Dru Samia III (born August 22, 1997) is an American football offensive guard who is a free agent. He played college football at Oklahoma.

College career
A four-star offensive tackle recruit, Samia chose Oklahoma out of 15 scholarship offers received.

Samia won the 2018 Joe Moore Award, and was named a second-team All-American and first-team All-Big 12 Conference after moving from right tackle to right guard. Scouts noted Samia for his hustle to the whistle, but also noted an occasionally high pad level. During his time at OU, Samia also made the All-Big 12 Academic Team twice.

Professional career

At the 2019 NFL Scouting Combine, Samia ran the 40-yard dash in 5.29 seconds, recorded 28 reps on the bench press, a 27.5-inch vertical jump and a 101-inch broad jump.

Minnesota Vikings
Samia was drafted by the Minnesota Vikings in the fourth round (114th overall) of the 2019 NFL Draft.

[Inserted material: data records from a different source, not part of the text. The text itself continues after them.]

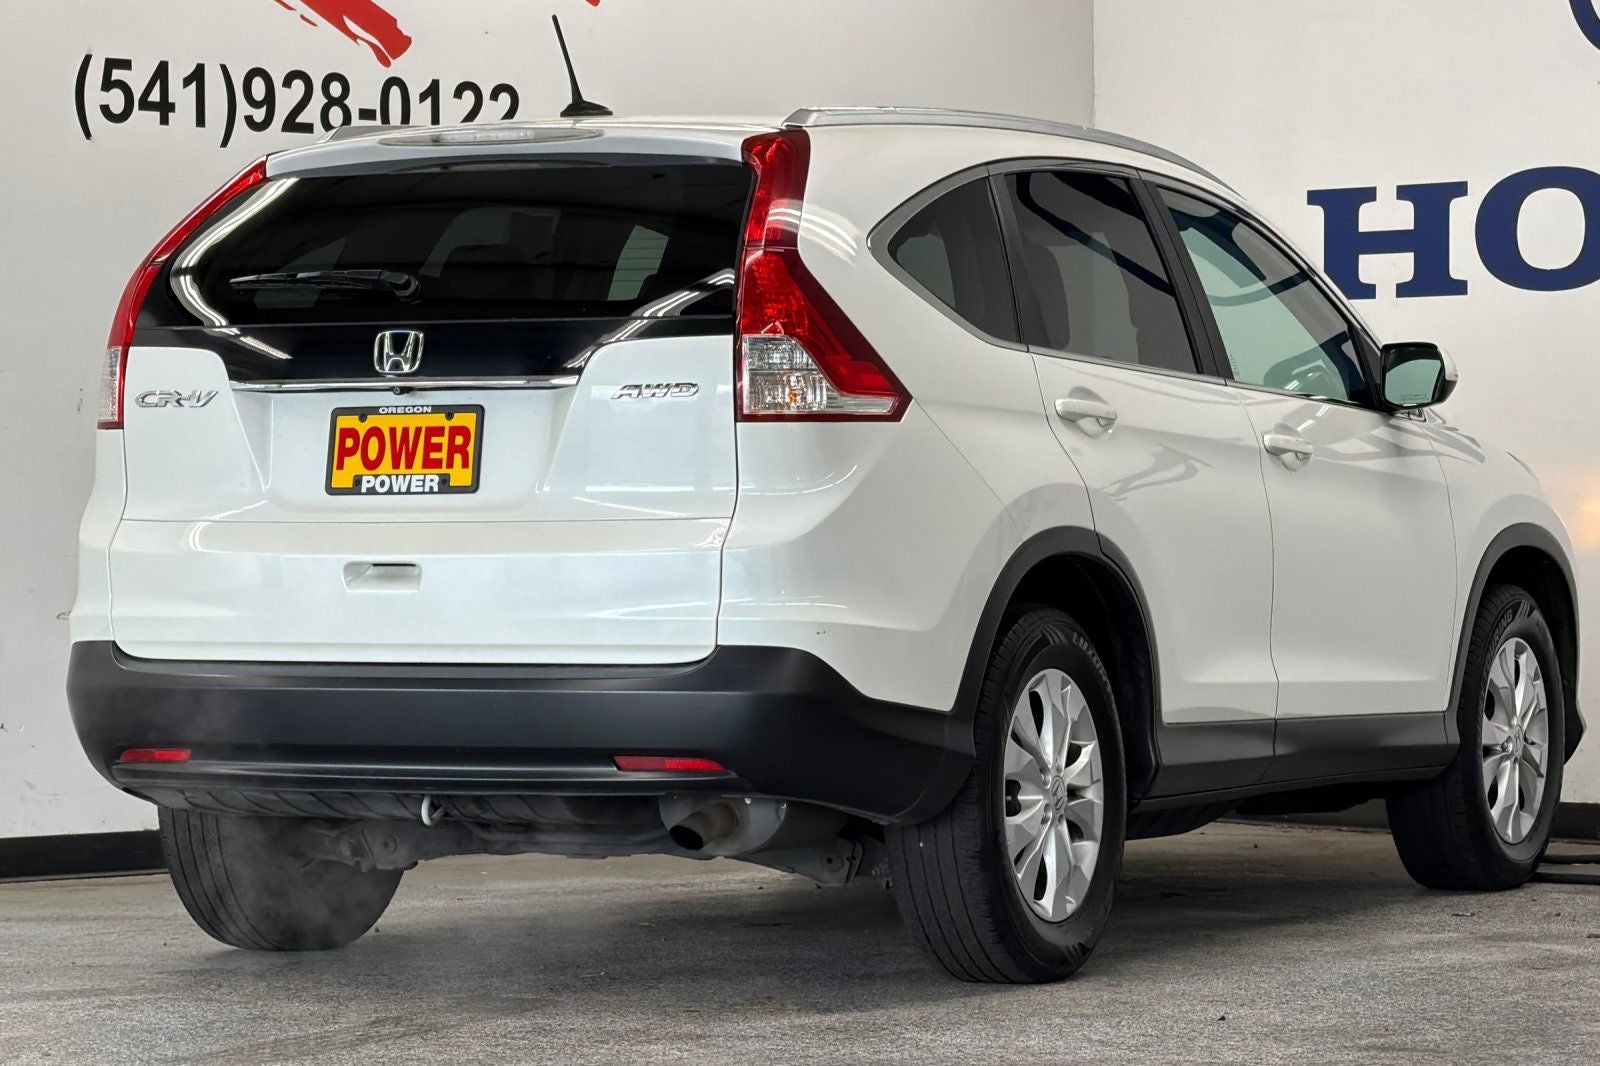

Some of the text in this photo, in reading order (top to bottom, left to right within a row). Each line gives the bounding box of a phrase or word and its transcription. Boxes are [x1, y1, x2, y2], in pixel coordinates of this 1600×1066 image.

[74, 53, 520, 148] (541)928-0122
[1306, 166, 1600, 300] HO
[135, 390, 219, 408] CR-V
[610, 382, 699, 400] AWD
[378, 405, 432, 414] OREGON
[336, 426, 472, 471] POWER
[360, 474, 440, 493] POWER
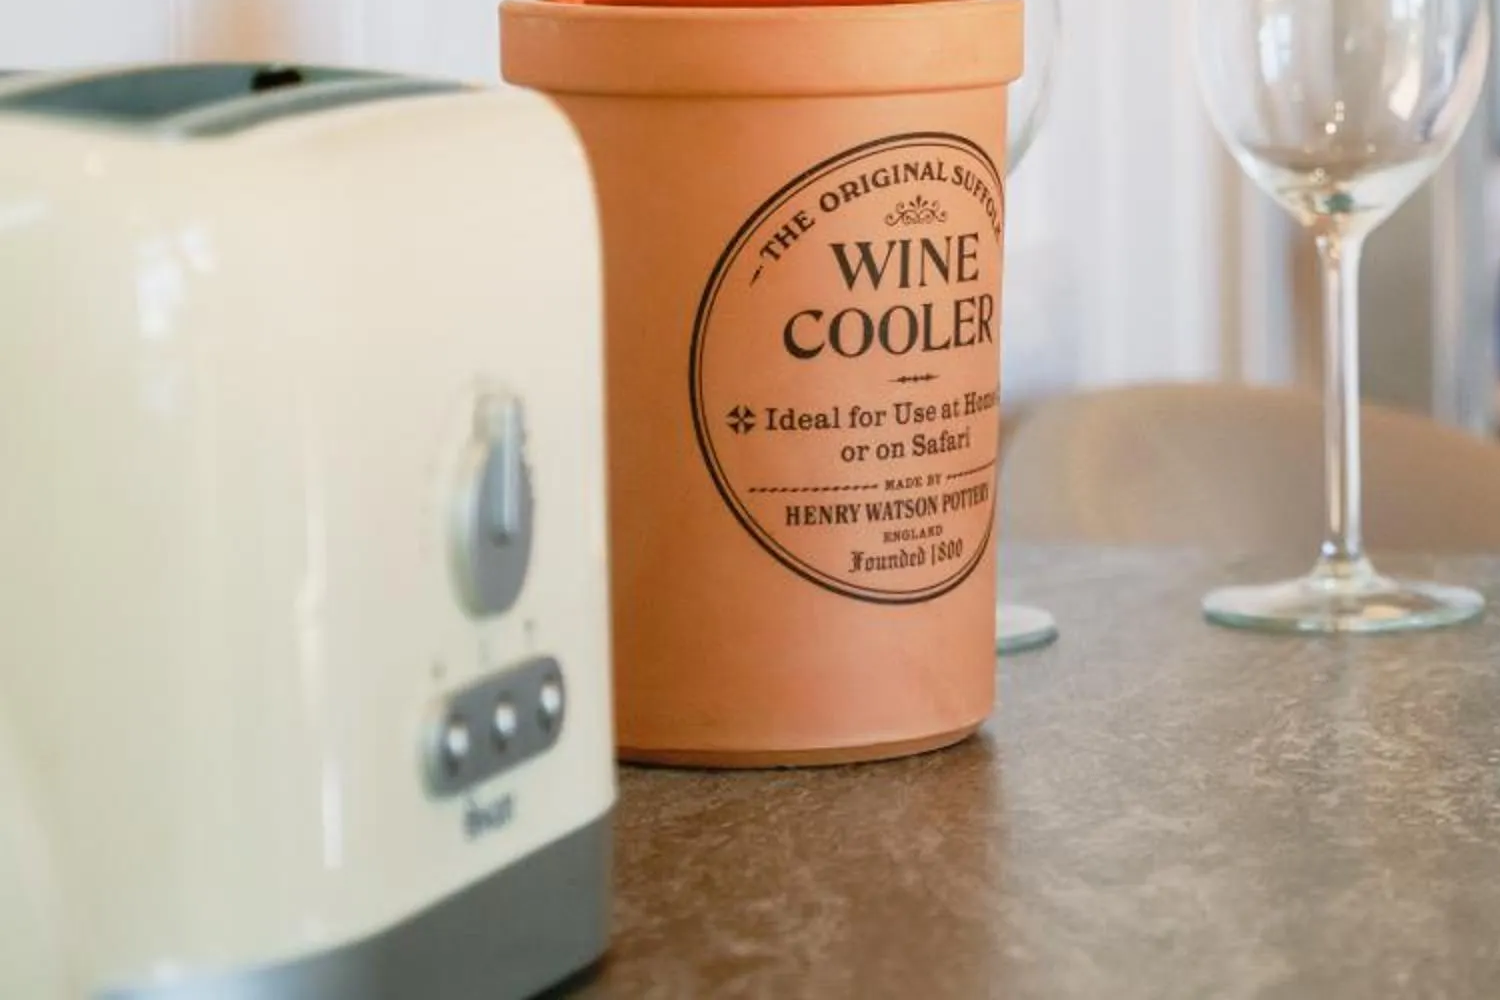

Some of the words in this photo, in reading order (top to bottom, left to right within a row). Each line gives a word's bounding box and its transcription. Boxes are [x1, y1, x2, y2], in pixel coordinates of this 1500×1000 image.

[760, 210, 815, 262] THE
[819, 161, 949, 213] ORIGINAL
[828, 232, 980, 291] WINE
[783, 293, 994, 360] COOLER
[765, 406, 841, 432] Ideal
[848, 405, 887, 430] for
[894, 402, 936, 426] Use
[941, 399, 960, 419] at
[841, 444, 870, 463] or
[876, 442, 905, 461] on
[911, 425, 971, 457] Safari
[884, 476, 923, 492] MADE
[927, 473, 942, 487] BY
[785, 504, 862, 527] HENRY
[865, 495, 939, 522] WATSON
[883, 525, 943, 543] ENGLAND
[848, 546, 926, 573] Founded
[931, 537, 963, 567] 1800
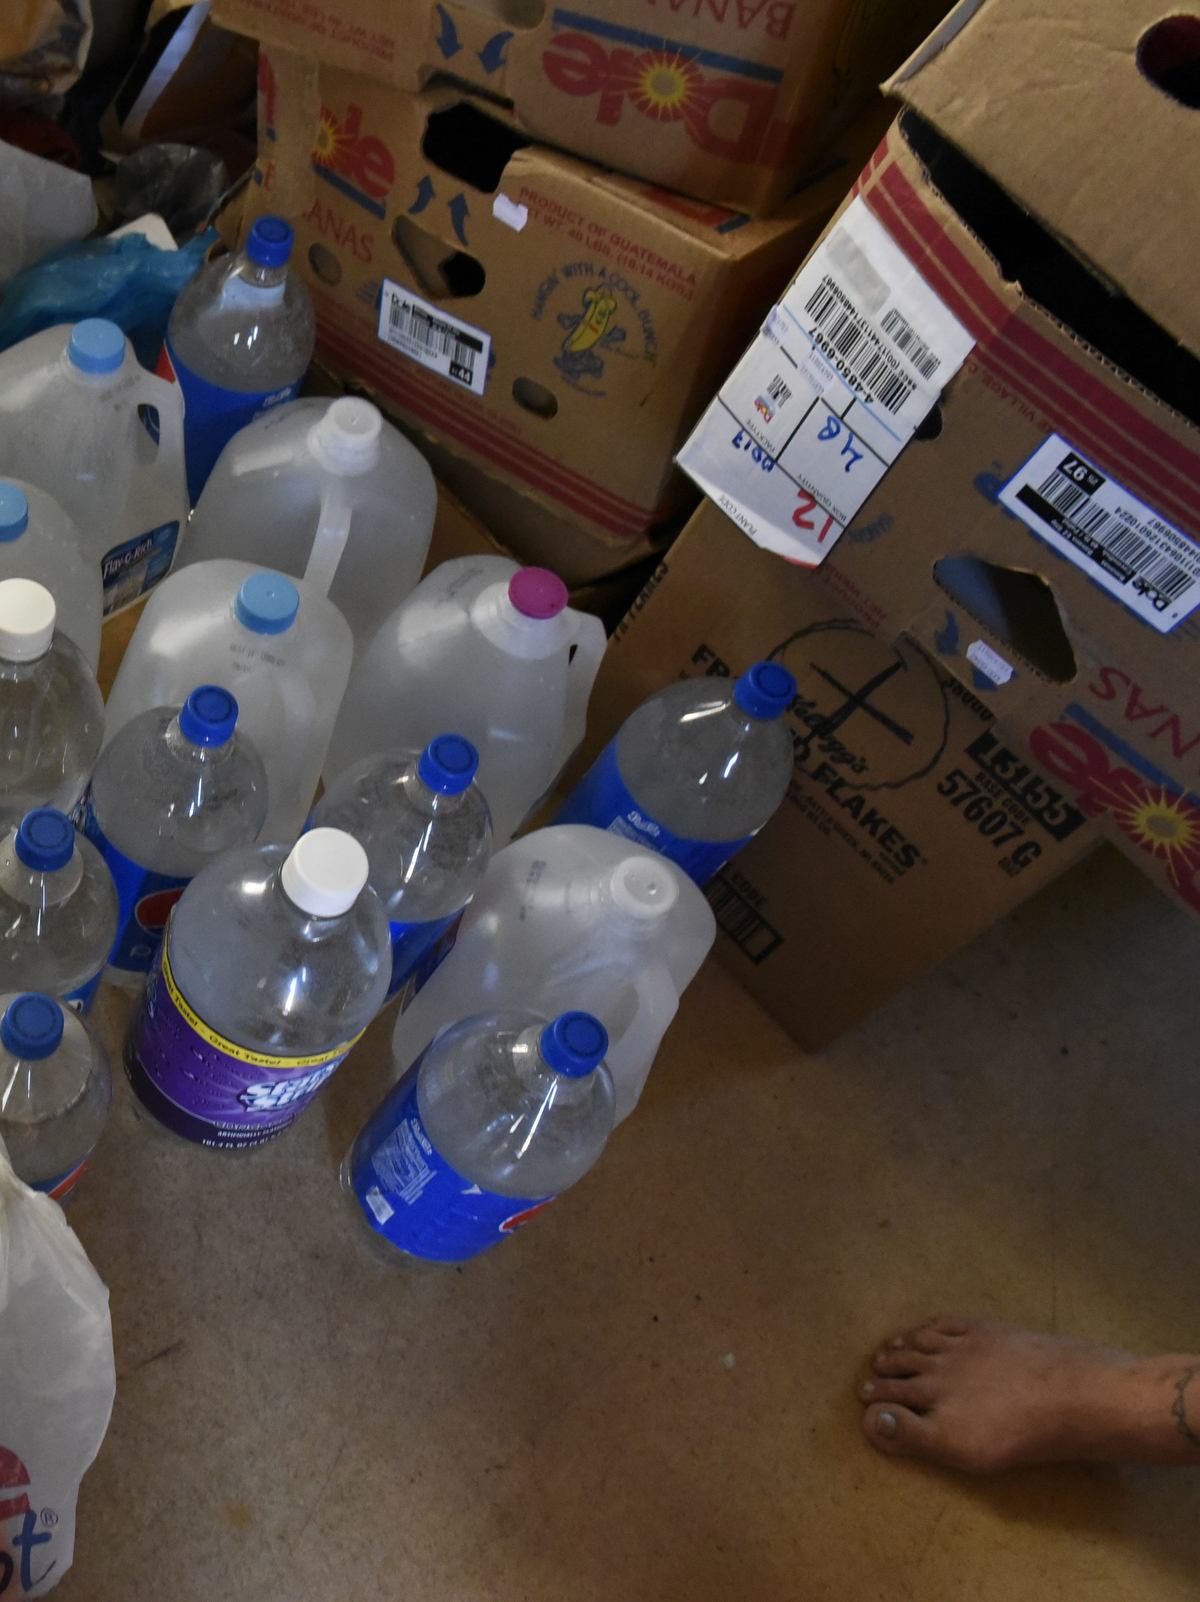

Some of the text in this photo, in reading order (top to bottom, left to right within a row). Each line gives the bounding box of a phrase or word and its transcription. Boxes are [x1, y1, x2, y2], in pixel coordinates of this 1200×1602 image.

[542, 30, 777, 167] Dole
[518, 186, 697, 284] PRODUCT OF GUATEMALA
[567, 228, 583, 242] 40
[456, 367, 472, 382] 44
[806, 325, 875, 405] 4-4850-6967
[743, 419, 777, 452] PACKTYPE
[1061, 455, 1090, 482] 97
[734, 511, 758, 535] PLANT
[795, 471, 847, 523] BOX QUANTITY
[1128, 575, 1170, 613] Dole
[974, 770, 1031, 827] BASE CODE
[977, 737, 1074, 830] 13155
[811, 760, 923, 871] FLAKES
[934, 766, 1024, 854] 57607
[1009, 835, 1044, 870] G
[209, 1034, 239, 1057] Great

Samia was placed on the reserve/COVID-19 list by the team on November 16, 2020, and activated on November 25.

On August 31, 2021, Samia was waived/injured by the Vikings and placed on injured reserve. He was released on September 8, 2021.

New York Jets
On October 12, 2021, Samia was signed to the New York Jets practice squad. He signed a reserve/future contract with the Jets on January 10, 2022. He was waived on July 26, 2022 and placed on the reserve/PUP list. He was released on March 13, 2023.

Personal life
Samia is half Samoan, and got a tattoo to signify the importance of the Samoan culture to him.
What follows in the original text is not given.